38At that time Anna came in and praised God. She spoke about the child Jesus to everyone who hoped for Jerusalem to be set free.
39After Joseph and Mary had done everything that the Law of the Lord commands, they returned home to Nazareth in Galilee. 40The child Jesus grew. He became strong and wise, and God blessed him.
Good Enough For God
Have you ever wondered if you were good enough to serve God? Do you have a list of reasons why you might not measure up?
I feel like no matter what’s on your list, it’s not as long or extensive as the list our next character, Anna, has.
Anna is female in a world where women are physically excluded from anything that happened in any of the inner courts of the temple.
She’s from the tribe of Asher – one of the tribes from the North of Israel who were taken into captivity by the Neo-Assyrian Empire about 722 years before Jesus was born. There’s a lot of history here, but basically her tribal background means that she is going to be judged as inferior.
She’s a widow, and likely doesn’t have any children. Which means back in the day that she would be extraordinarily poor and vulnerable.

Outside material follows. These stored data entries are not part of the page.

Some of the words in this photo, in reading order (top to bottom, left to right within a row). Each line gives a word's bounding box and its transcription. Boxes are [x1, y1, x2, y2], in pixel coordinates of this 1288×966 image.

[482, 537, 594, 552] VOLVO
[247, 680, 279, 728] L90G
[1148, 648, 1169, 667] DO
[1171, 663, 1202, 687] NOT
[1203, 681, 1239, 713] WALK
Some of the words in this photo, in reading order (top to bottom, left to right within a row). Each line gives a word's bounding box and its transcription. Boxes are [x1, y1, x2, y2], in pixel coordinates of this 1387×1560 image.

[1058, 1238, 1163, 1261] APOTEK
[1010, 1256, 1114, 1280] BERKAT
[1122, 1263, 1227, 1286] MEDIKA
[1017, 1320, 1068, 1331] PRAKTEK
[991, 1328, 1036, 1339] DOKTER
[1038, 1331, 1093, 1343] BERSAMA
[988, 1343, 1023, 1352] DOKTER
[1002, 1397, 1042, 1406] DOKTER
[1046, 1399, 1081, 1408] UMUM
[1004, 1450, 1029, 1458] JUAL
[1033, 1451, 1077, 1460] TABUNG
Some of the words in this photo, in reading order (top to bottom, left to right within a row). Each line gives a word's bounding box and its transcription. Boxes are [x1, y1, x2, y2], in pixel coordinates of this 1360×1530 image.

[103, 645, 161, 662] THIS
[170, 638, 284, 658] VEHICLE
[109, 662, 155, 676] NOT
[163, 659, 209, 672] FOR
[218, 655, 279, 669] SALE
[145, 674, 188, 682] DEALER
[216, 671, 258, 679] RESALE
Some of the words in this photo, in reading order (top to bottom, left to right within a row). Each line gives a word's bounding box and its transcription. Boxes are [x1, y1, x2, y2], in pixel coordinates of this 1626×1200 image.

And she’s old – she’s 84, which is old even in today’s world, much less back then. And for some unfortunate reason we tend to assume that “old” means “not worth very much”.
And yet …
Anna, we are told, has served God night and day in the temple through prayer and fasting (going without food). This elderly, female, childless widow from an exiled tribe is held up in this story of Jesus as having had an important role to play in serving God in the very temple that her status and reality as a woman keeps her limited to the fringes of.
It’s almost as if this list isn’t really very important to God. It’s almost as if the last and the least might be the first and the greatest. It’s almost as if Anna, with all of her “disqualifications” is still good enough for God.
It’s almost as if the story is about to change, and this woman, who would have been relegated to the lowest status and worth by her society is given the opportunity to be one of only the tiniest handful of people to know at this point that the Messiah has come. She has served God day and night for years, and is now rewarded: she gets to see Jesus and recognize him for who he is and what it means for all of Israel that he has come.Journal Questions:
- Do you have a list of reasons why you or someone else might be ‘disqualified’ from serving God? Or maybe you’ve heard other people’s lists of what ‘disqualifies’ someone? What’s on that list?
- Can you think of a modern-day Anna that you know? Someone who by every account “shouldn’t” be serving God, but is?
- What does it mean that we serve the kind of God who doesn’t seem to care about our qualifications?